■ **Assigned task**
Wherever a line of the records contains "Made", copy that line.

(Annotated photo localization data)
--------

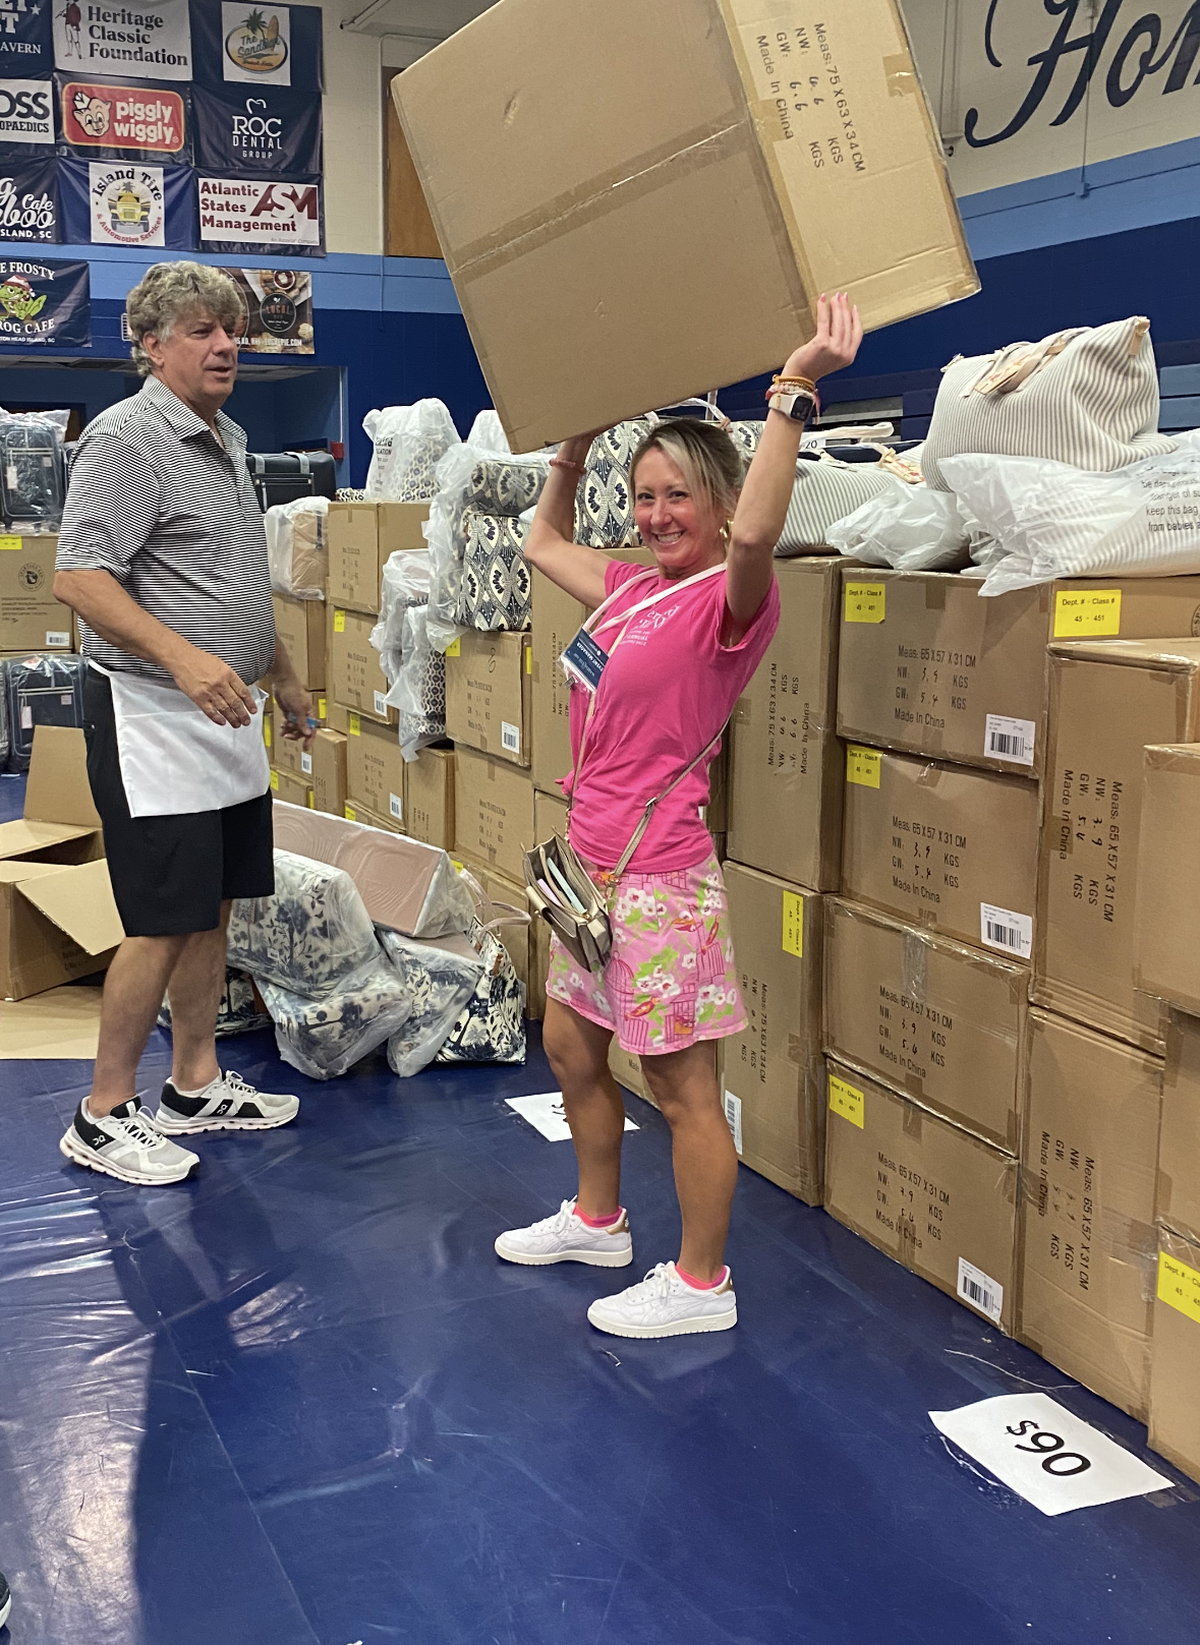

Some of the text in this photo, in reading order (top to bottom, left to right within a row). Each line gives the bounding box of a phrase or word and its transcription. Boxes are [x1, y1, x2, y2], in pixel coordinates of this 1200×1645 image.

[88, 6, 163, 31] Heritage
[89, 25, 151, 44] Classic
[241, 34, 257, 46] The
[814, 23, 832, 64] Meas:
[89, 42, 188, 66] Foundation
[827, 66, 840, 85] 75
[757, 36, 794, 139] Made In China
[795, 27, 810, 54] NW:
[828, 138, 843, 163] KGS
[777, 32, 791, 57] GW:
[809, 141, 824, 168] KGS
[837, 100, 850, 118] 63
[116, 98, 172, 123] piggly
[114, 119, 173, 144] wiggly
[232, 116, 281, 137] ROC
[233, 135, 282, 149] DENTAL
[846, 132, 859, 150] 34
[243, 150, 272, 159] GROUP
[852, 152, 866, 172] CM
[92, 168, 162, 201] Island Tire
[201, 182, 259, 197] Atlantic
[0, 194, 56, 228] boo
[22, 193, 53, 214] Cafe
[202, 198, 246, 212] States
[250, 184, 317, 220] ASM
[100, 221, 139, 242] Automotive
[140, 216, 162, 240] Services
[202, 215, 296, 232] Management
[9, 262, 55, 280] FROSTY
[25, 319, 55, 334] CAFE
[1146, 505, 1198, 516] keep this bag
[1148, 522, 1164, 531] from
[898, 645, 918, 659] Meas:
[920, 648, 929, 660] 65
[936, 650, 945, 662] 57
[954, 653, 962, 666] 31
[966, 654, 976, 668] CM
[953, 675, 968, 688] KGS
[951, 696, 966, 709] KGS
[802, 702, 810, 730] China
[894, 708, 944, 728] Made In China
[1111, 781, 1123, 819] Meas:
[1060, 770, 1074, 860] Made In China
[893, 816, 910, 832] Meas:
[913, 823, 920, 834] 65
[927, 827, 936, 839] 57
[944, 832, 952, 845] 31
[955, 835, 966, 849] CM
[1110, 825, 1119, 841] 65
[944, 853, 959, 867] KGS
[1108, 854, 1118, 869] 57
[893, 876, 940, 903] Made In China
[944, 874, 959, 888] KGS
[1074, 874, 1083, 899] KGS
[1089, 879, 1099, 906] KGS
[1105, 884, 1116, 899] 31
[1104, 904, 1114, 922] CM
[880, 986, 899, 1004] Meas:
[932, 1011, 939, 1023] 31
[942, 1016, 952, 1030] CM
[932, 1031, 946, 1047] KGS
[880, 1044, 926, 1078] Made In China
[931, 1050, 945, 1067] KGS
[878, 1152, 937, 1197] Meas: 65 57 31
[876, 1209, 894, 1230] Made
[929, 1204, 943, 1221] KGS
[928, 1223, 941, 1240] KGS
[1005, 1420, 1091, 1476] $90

--------

■ **Exercise answer**
[757, 36, 794, 139] Made In China
[894, 708, 944, 728] Made In China
[1060, 770, 1074, 860] Made In China
[893, 876, 940, 903] Made In China
[880, 1044, 926, 1078] Made In China
[876, 1209, 894, 1230] Made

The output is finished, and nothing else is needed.